Riacciuffata la vetta della classifica, la rimetteremo subito in palio nel prossimo weekend, che ci vedrà di scena lunedì sera all’Olimpico contro la Roma. Nonostante le difficoltà della squadra giallorossa, reduce dalla pesante sconfitta di Firenze, sarà un banco di prova molto difficile.

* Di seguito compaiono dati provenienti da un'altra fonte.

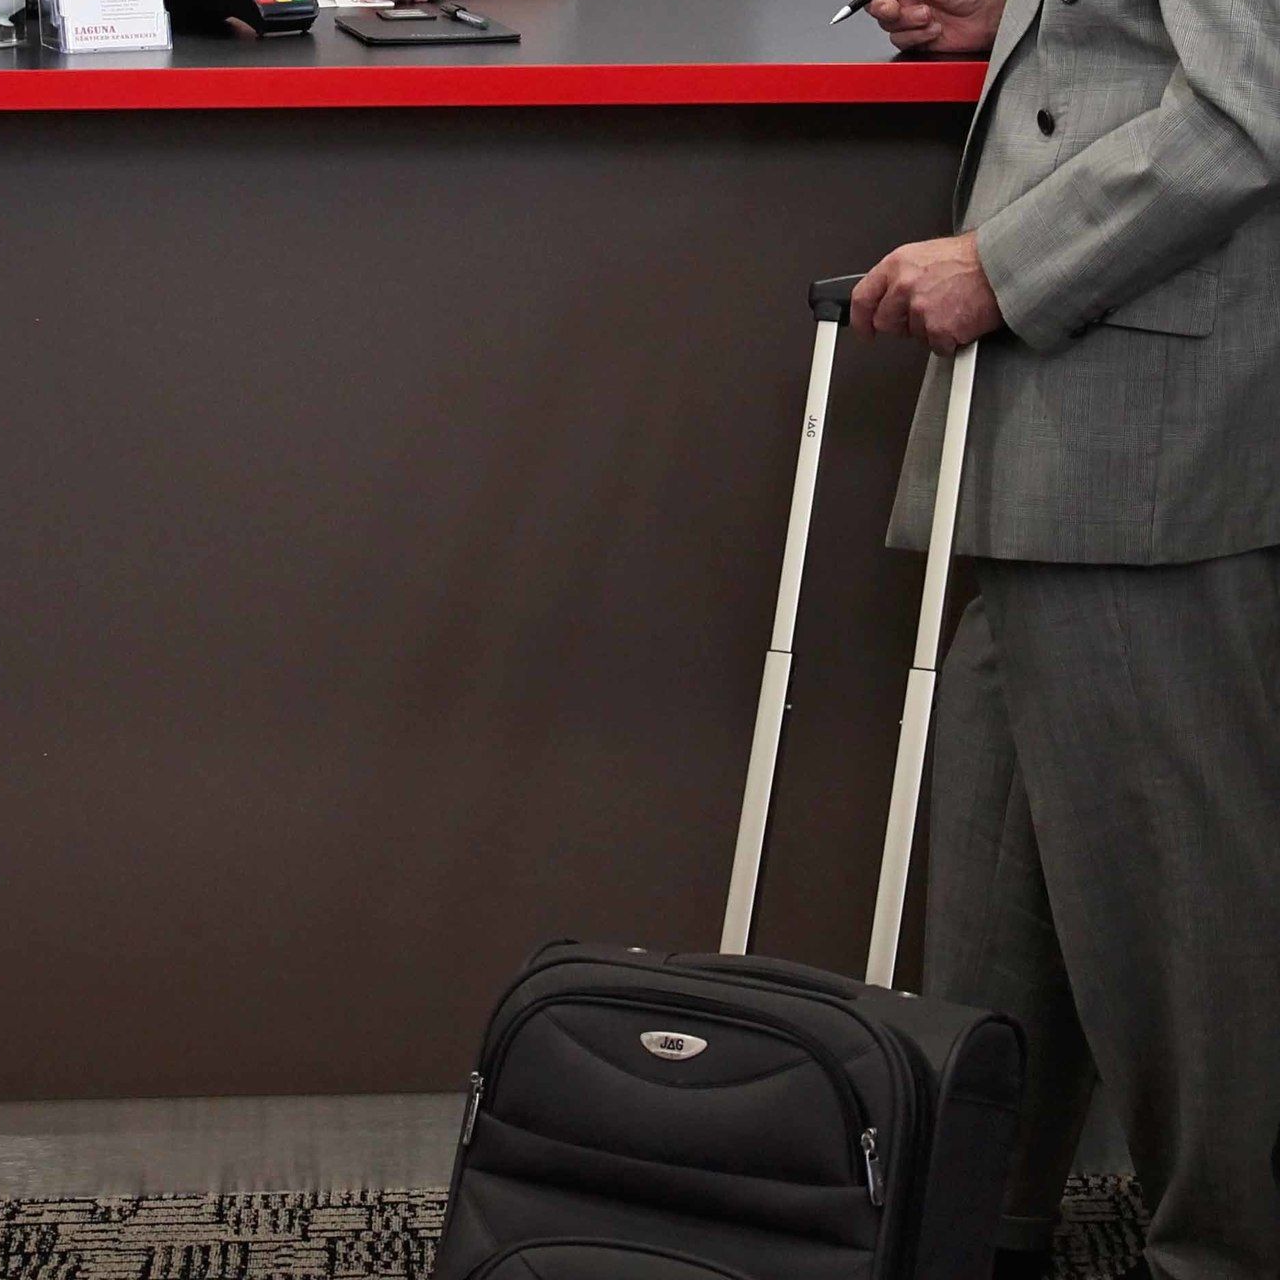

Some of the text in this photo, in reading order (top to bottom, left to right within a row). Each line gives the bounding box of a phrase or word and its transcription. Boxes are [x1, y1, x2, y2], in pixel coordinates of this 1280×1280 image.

Chissà se Baldini darà ancora la colpa al “sistema Moggi” per le 3 espulsioni di oggi e per le conseguenti squalifiche che arriveranno in settimana…

 

PAGELLE  (4-3-3)

BUFFON 6 Dopo gli straordinari delle ultime partite, un pomeriggio di assoluta tranquillità.
LICHTSTEINER 6,5 Gioca quasi più da centrocampista aggiunto che da difensore, suo l’assist per il rigore su Giaccherini.
BARZAGLI 6 Impeccabile, ma i pericoli dalle sue parti sono stai davvero pochini.
BONUCCI 6 Inizia con qualche errore che fa rumoreggiare il pubblico, poi la giornata si rivela fortunatamente tranquilla.
CHIELLINI 6 Anche per lui poco lavoro dietro e molto tempo da dedicare alla fascia offensiva.
VIDAL 7+ Il migliore, è ovunque e sempre con grande qualità, oggi assist e impeccabile trasformazione del dischetto.
PAZIENZA 6,5 Difficile sostituire Pirlo, lui lo fa con umiltà e concentrazione e, alla fine, se la cava molto bene.
MARCHISIO 7 Anche se mi aspettavo che prendesse maggiormente in mano la squadra in mancanza di Pirlo, è comunque decisivo, ancora una volta, con un gol bello e fondamentale, il sesto in campionato e il record di Tardelli (8) è ormai ad un passo.
PEPE 6 Questa volta gli manca il guizzo sotto porta e non riesce a realizzare il quarto gol consecutivo.
MATRI 5 Brutta partita, poco movimento e tanti errori, anche in fase di conclusione a rete.
VUCINIC 6,5 L’unico che riesce, a tratti, a creare la superiorità numerica con i suoi dribbling; esce per infortunio, speriamo non grave.
     
QUAGLIARELLA 6,5 In grande crescita, oggi gli è mancato solo il gol, anche se a negarglielo è stato solo il testone di Lichtsteiner.
DEL PIERO s.v. Festeggia nel peggiore dei modi le 500 presenze in Serie A, con un brutto infortunio che avrebbe meritato ben altra sanzione per lo scorretto Rossi.
GIACCHERINI 7 Entra con grande verve, brillante nel dribbling, sfiora il gol dell’ex e conquista il rigore che chiude definitivamente la gara.
     
CONTE 7 Sfortunato con le sostituzioni, visti gli infortuni di Vucinic e Del Piero, meriterebbe però 8 per l’esultanza in occasione del gol di Marchisio, quando si “stampa” comicamente sui vetri della prima fila.